The numbers were Aussie Dollar negative, with retail sales rising by just 0.1% in May. While negative, the impact was limited. May’s disappointing figure was attributed to a reintroduction of COVID-19 restrictions in the State of Victoria.

For the Kiwi Dollar

It was a relatively quiet week.

Consumer sentiment and trade data were in focus.

In the 2nd quarter, consumer sentiment improved, with the Westpac Consumer Sentiment Index rising from 105.2 to 107.1.

While the headline figure was positive, the sub-indexes for a good time to buy and 5-year economic outlook fell in the quarter.

At the end of the week, trade data provided the Kiwi Dollar with support.

In May, New Zealand’s trade surplus widened from NZ$414m to NZ$469m.

Year-on-year, the trade balance fell from a NZ$760m surplus to a NZ$62m deficit. This was the first annual deficit since the year ended June 2020.

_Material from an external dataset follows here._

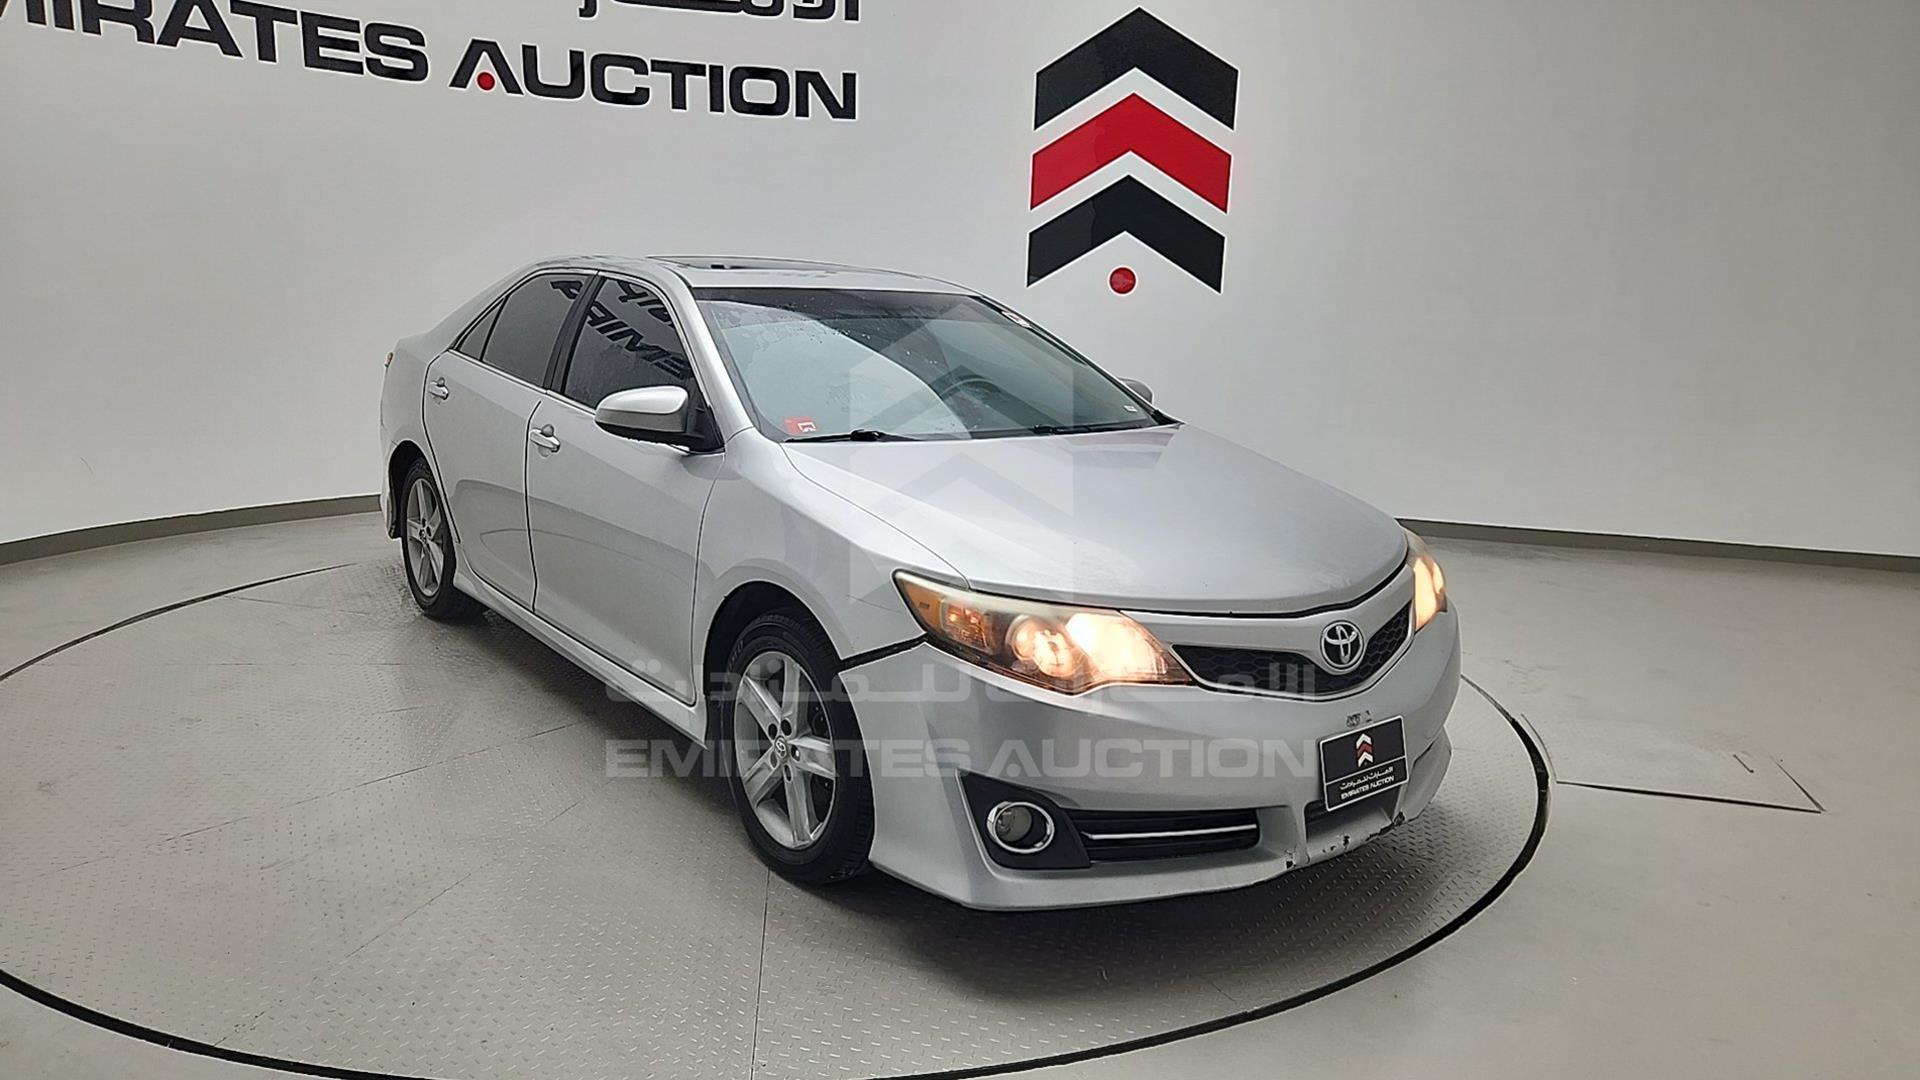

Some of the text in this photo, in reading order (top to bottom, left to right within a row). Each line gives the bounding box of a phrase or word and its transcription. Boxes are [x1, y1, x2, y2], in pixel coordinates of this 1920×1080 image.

While dairy goods exports were on the rise, car imports by value hit an all-time high as the COVID-19 pandemic recovery continued.

For the Japanese Yen

It was a quieter week.

Mid-week, prelim private sector PMIs for June delivered mixed results ahead of inflation figures on Friday.

Japan’s manufacturing PMI fell from 53.0 to 51.5, while the services PMI rose from 46.5 to 47.2.

The numbers were far from compelling, suggesting status quo on the monetary policy front for the foreseeable future.

At the end of the week, inflation figures were Yen positive. Tokyo core consumer prices held steady in June, year-on-year. In May, core consumer prices had fallen by 0.2% year-on-year.

The Japanese Yen fell by 0.49% to ¥110.750 against the U.S Dollar. In the week prior, the Yen had fallen by 0.63% to ¥110.210.

Out of China

There were no material stats to draw attention in the week.

At the start of the week, the PBoC left loan prime rates unchanged, which was in line with market expectations

In the week ending 25th June, the Chinese Yuan fell by 0.05% to CNY6.4562. In the week prior, the Yuan had fallen by 0.90% to CNY6.4531.

The CSI300 and the Hang Seng ended the week up by 2.69% and by 1.69% respectively.